Below are the entries; transcribe them exactly and drop every picture.

Saved entries:
★ ★ ★ ★ ★
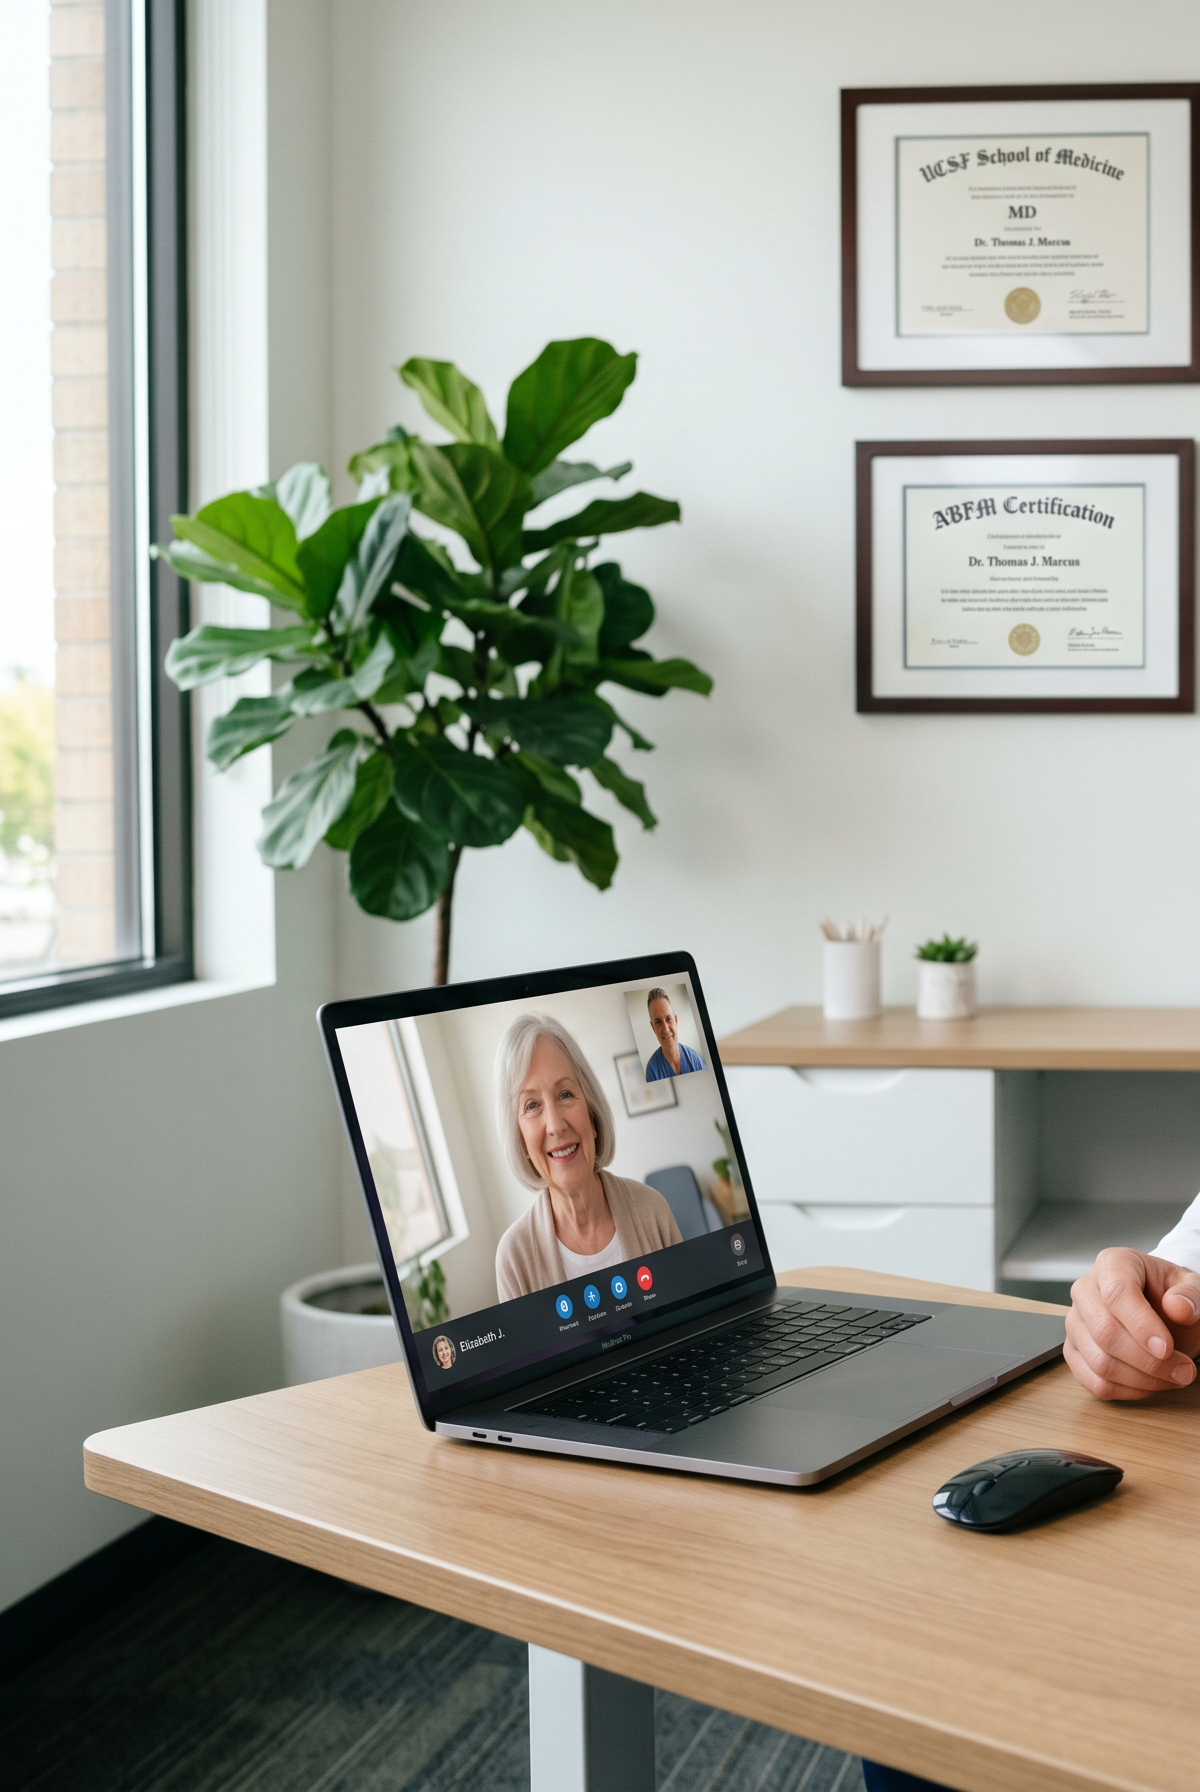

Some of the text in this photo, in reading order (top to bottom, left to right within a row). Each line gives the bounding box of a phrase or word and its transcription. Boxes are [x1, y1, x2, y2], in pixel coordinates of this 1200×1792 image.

[919, 146, 1126, 183] UCSF School of Medicine
[1008, 205, 1037, 219] MD
[932, 496, 1116, 531] ABFM Certification
[968, 556, 1080, 568] Dr. Thomas J. Marcus
[498, 1327, 506, 1339] J.
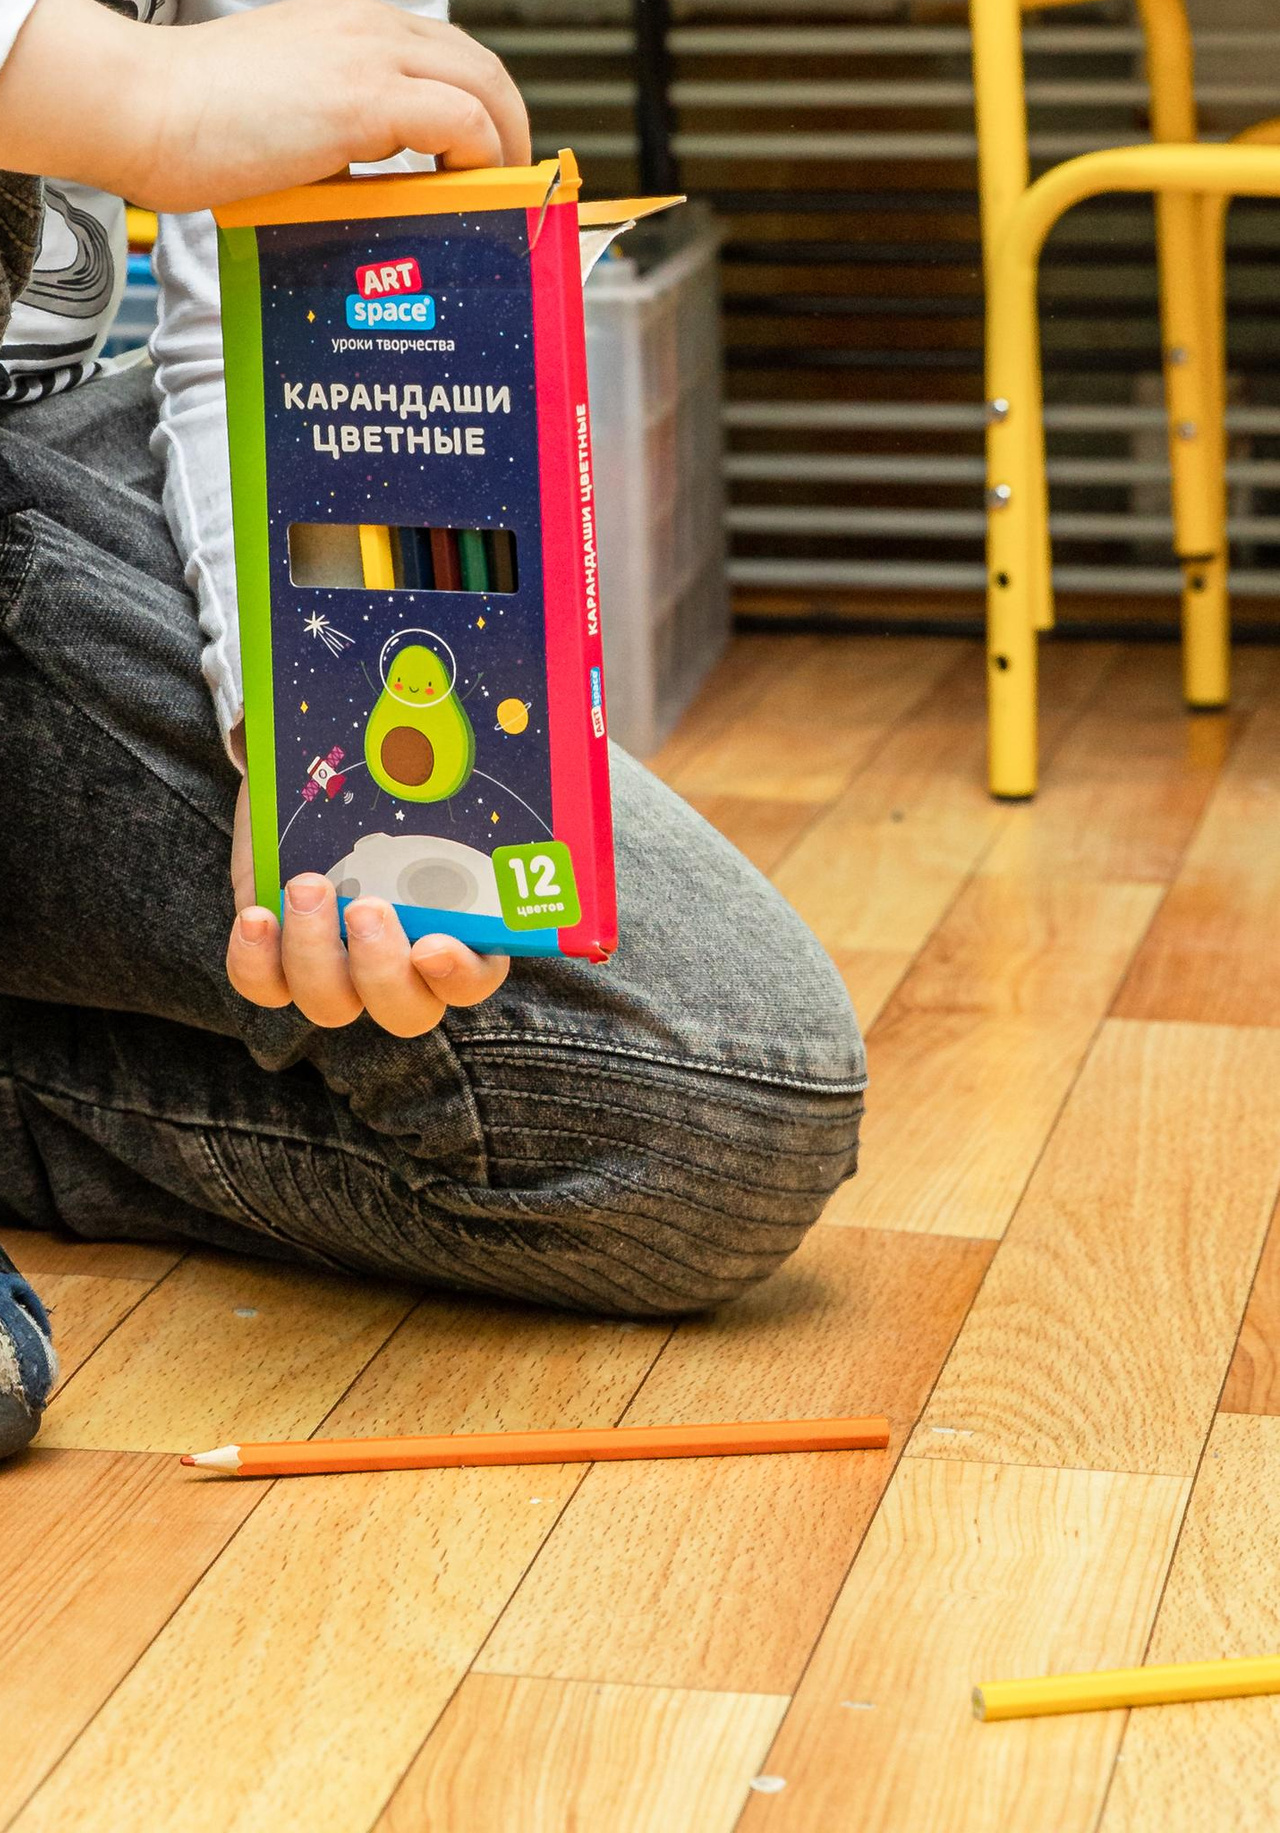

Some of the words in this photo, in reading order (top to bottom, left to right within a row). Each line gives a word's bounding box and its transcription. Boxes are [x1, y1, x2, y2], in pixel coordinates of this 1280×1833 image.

[363, 262, 414, 295] ART
[353, 300, 428, 326] space
[331, 337, 373, 354] уроки
[376, 337, 456, 355] творчества
[283, 381, 511, 421] КАРАНДАШИ
[313, 423, 486, 460] ЦВЕТНЫЕ
[575, 403, 594, 504] ЦВЕТНЫЕ
[580, 505, 599, 637] КАРАНДАШИ
[508, 854, 562, 899] 12
[516, 902, 565, 918] цветов
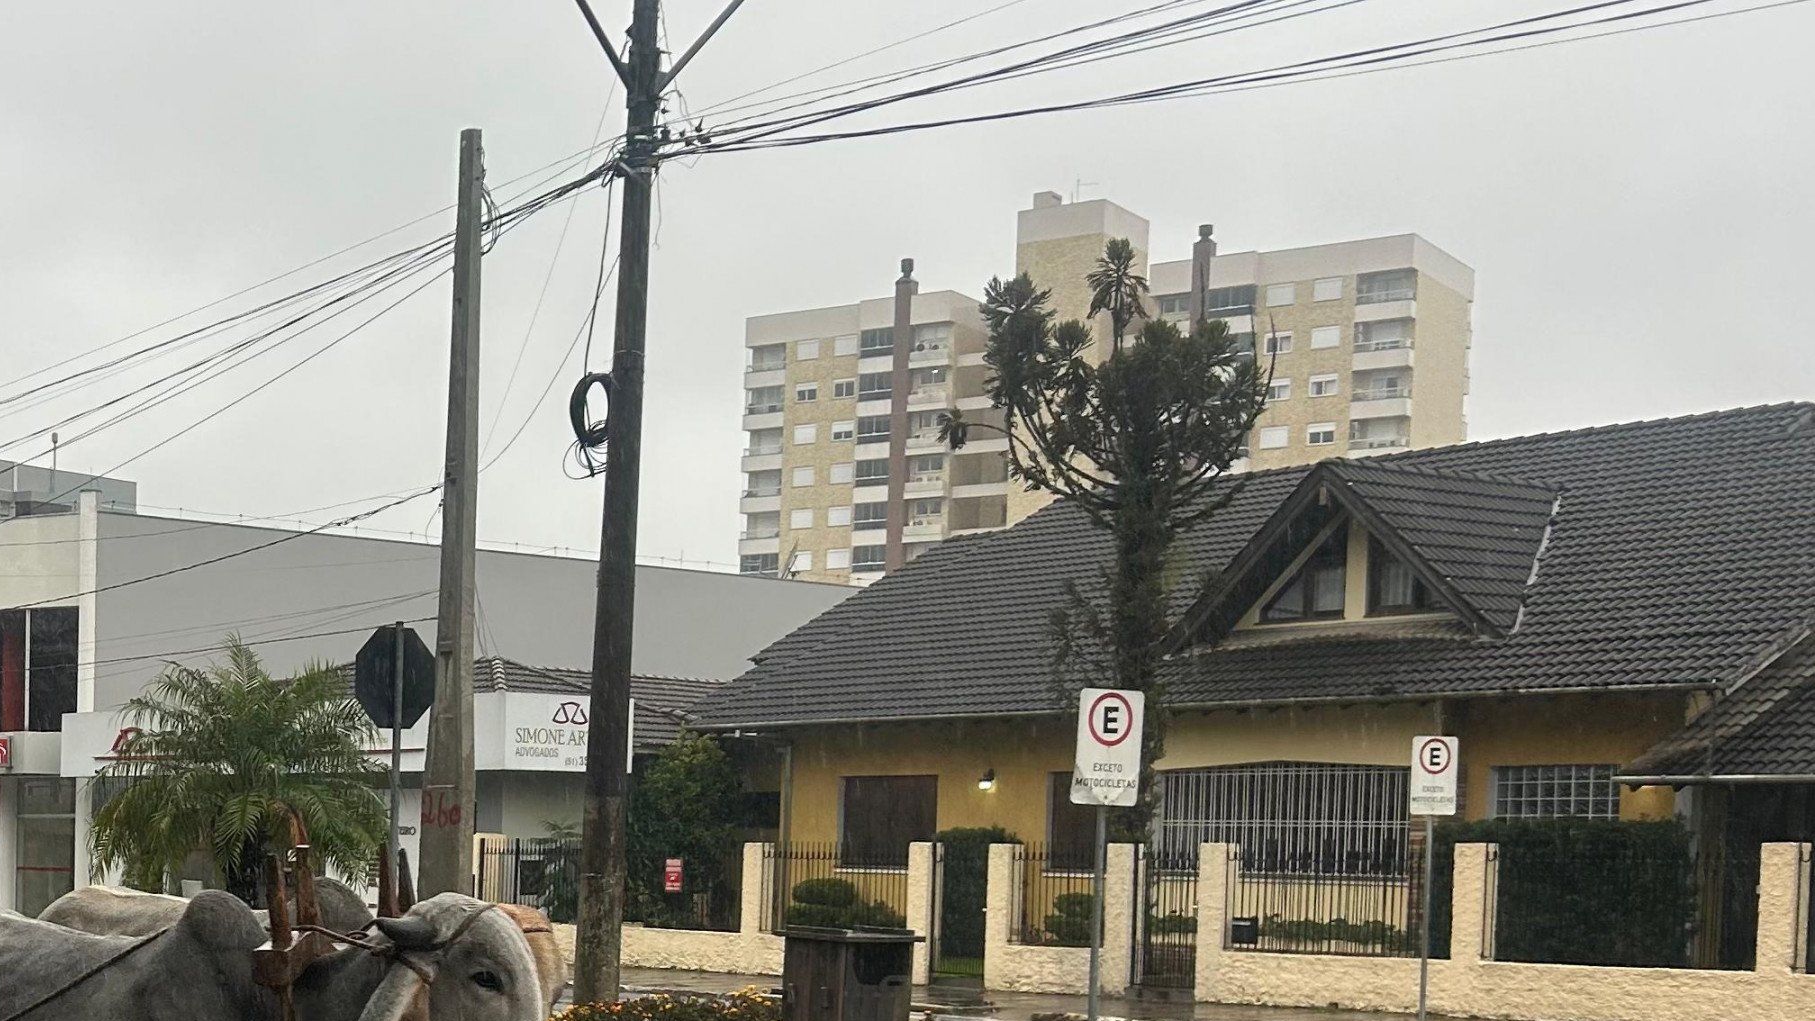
★ ★ ★ ★ ★
Expected output:
Some of the text in this photo, in reading order (top to bottom, left to right within a row). Each line gives the bounding box of a phrase or word and its transcription. Boxes are [x1, y1, x2, y2], in pixel coordinates of this 1200×1792 image.

[919, 146, 1126, 183] UCSF School of Medicine
[1008, 205, 1037, 219] MD
[932, 496, 1116, 531] ABFM Certification
[968, 556, 1080, 568] Dr. Thomas J. Marcus
[498, 1327, 506, 1339] J.

Some of the words in this photo, in reading order (top to bottom, left to right within a row). Each line gives a word's bounding box and its transcription. Boxes are [x1, y1, x2, y2], in pixel coordinates of this 1280×1833 image.

[363, 262, 414, 295] ART
[353, 300, 428, 326] space
[331, 337, 373, 354] уроки
[376, 337, 456, 355] творчества
[283, 381, 511, 421] КАРАНДАШИ
[313, 423, 486, 460] ЦВЕТНЫЕ
[575, 403, 594, 504] ЦВЕТНЫЕ
[580, 505, 599, 637] КАРАНДАШИ
[508, 854, 562, 899] 12
[516, 902, 565, 918] цветов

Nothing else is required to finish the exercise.